------ THE INPUT
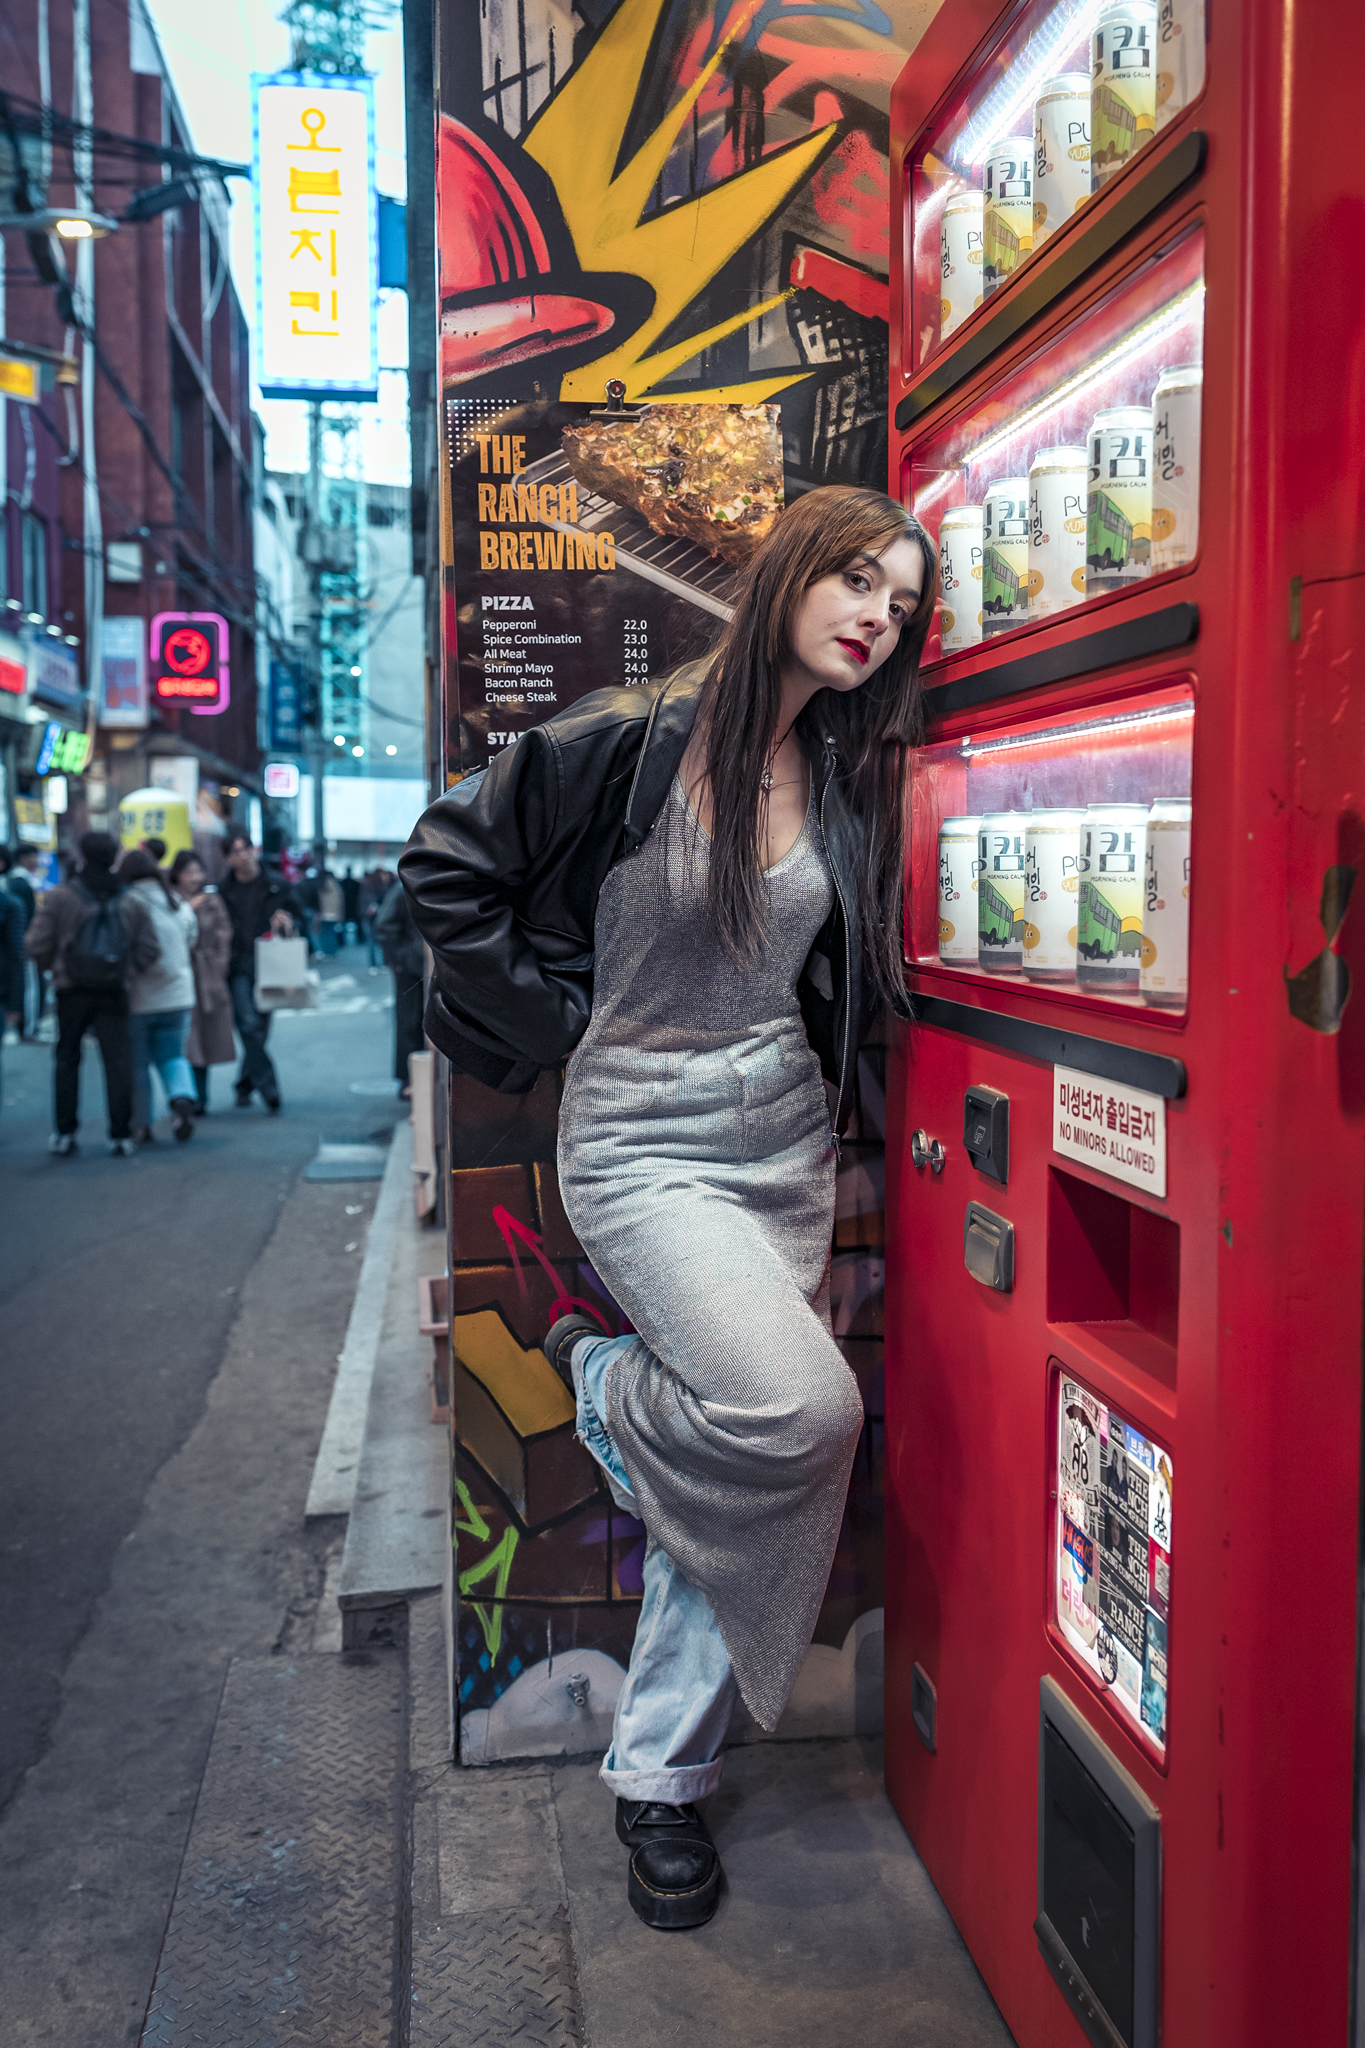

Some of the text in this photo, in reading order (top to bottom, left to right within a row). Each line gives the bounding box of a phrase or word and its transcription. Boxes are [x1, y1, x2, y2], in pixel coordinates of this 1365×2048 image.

[476, 434, 527, 475] THE
[478, 483, 578, 523] RANCH
[480, 531, 617, 570] BREWING
[481, 596, 535, 611] PIZZA
[482, 619, 648, 632] Pepperoni 22.0
[483, 633, 648, 646] Spice Combination 23.0
[484, 648, 648, 659] All Meat 24.0
[484, 663, 649, 675] Shrimp Mayo 24.0
[485, 677, 649, 688] Bacon Ranch 240
[485, 692, 557, 702] Cheese Steak
[1060, 1083, 1156, 1146] 미성년자 출입금지
[1060, 1121, 1156, 1174] NO MINORS ALLOWED
[1129, 1470, 1149, 1500] THE
[1127, 1488, 1148, 1520] NCH
[1128, 1534, 1148, 1566] THE
[1128, 1555, 1147, 1587] NCH
[1126, 1599, 1145, 1630] THE
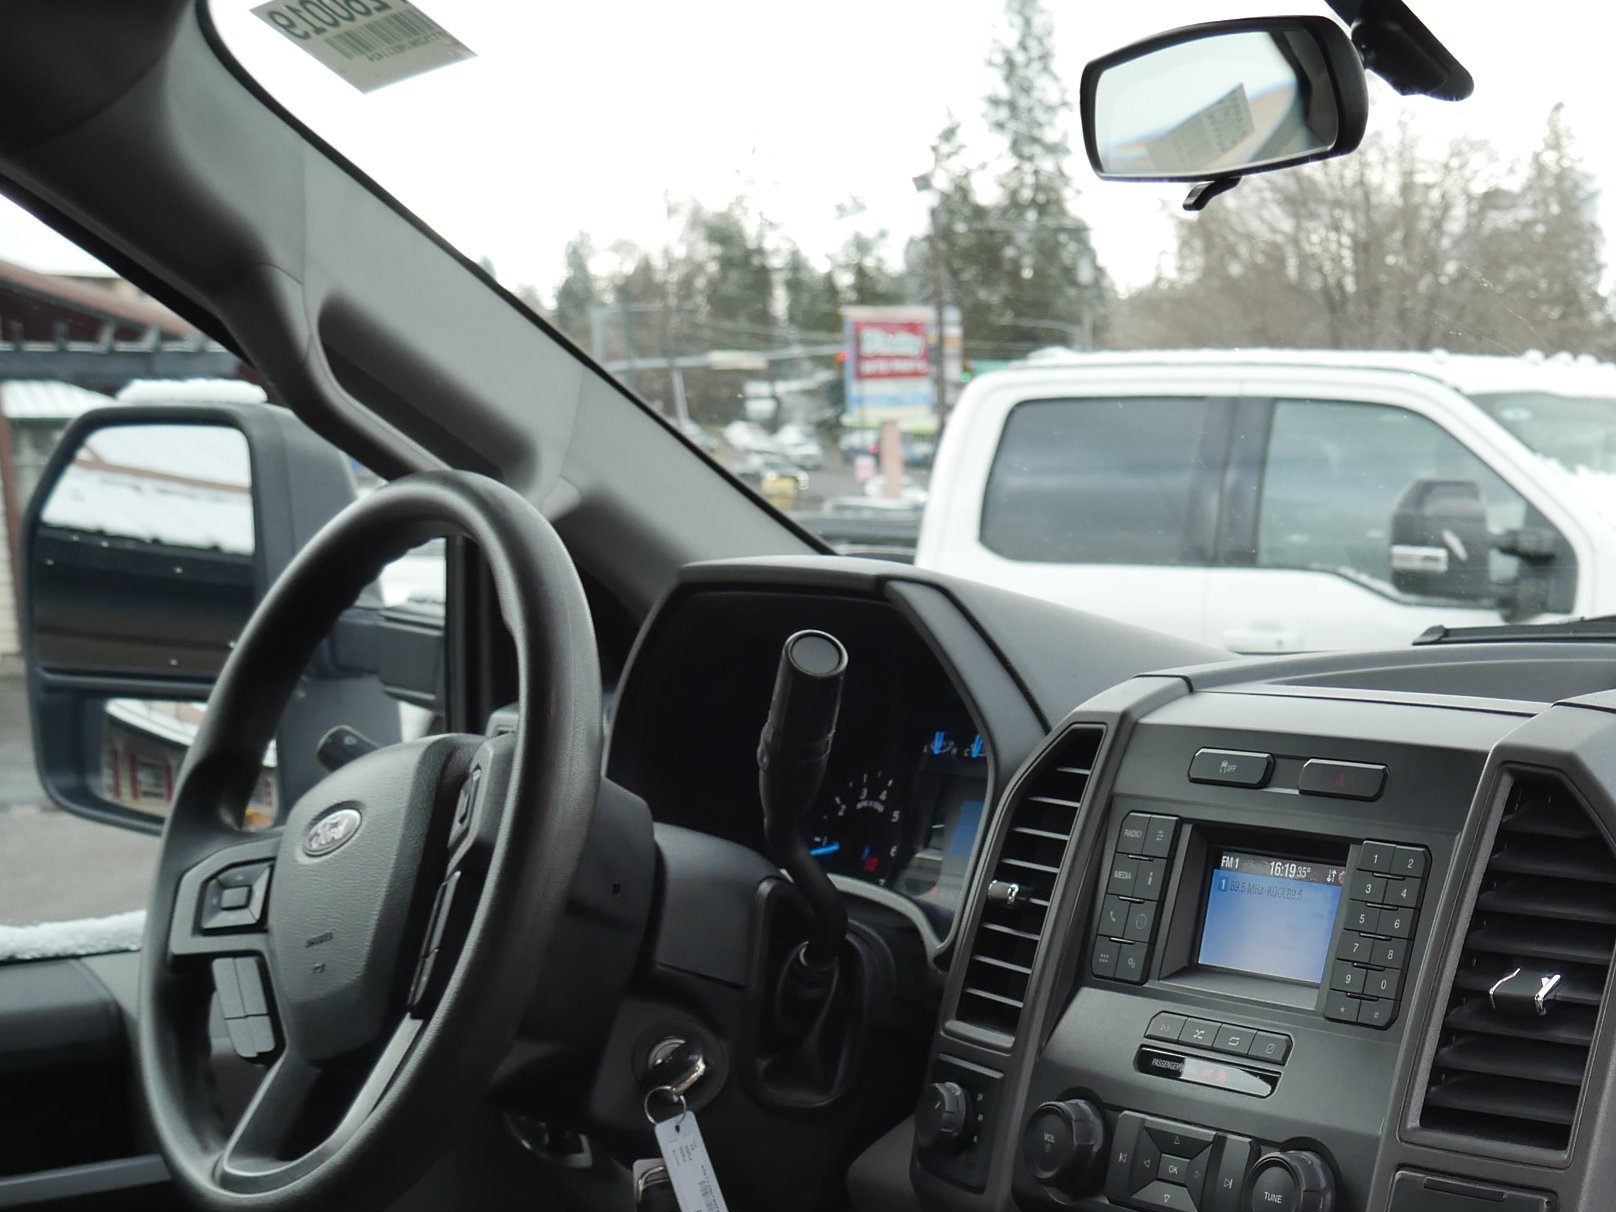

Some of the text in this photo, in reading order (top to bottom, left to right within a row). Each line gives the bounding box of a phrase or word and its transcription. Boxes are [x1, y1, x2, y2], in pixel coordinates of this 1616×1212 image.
------------
## TASK DETAILS
Print every record above exactly, but no pictures.

## EXERCISE OUTPUT
Some of the text in this photo, in reading order (top to bottom, left to right within a row). Each line gives the bounding box of a phrase or word and its transcription. Boxes are [x1, y1, x2, y2], in pixel coordinates of this 1365×2048 image.

[476, 434, 527, 475] THE
[478, 483, 578, 523] RANCH
[480, 531, 617, 570] BREWING
[481, 596, 535, 611] PIZZA
[482, 619, 648, 632] Pepperoni 22.0
[483, 633, 648, 646] Spice Combination 23.0
[484, 648, 648, 659] All Meat 24.0
[484, 663, 649, 675] Shrimp Mayo 24.0
[485, 677, 649, 688] Bacon Ranch 240
[485, 692, 557, 702] Cheese Steak
[1060, 1083, 1156, 1146] 미성년자 출입금지
[1060, 1121, 1156, 1174] NO MINORS ALLOWED
[1129, 1470, 1149, 1500] THE
[1127, 1488, 1148, 1520] NCH
[1128, 1534, 1148, 1566] THE
[1128, 1555, 1147, 1587] NCH
[1126, 1599, 1145, 1630] THE

Some of the text in this photo, in reading order (top to bottom, left to right within a row). Each line gives the bounding box of a phrase or word and its transcription. Boxes are [x1, y1, x2, y2], in pixel coordinates of this 1616×1212 image.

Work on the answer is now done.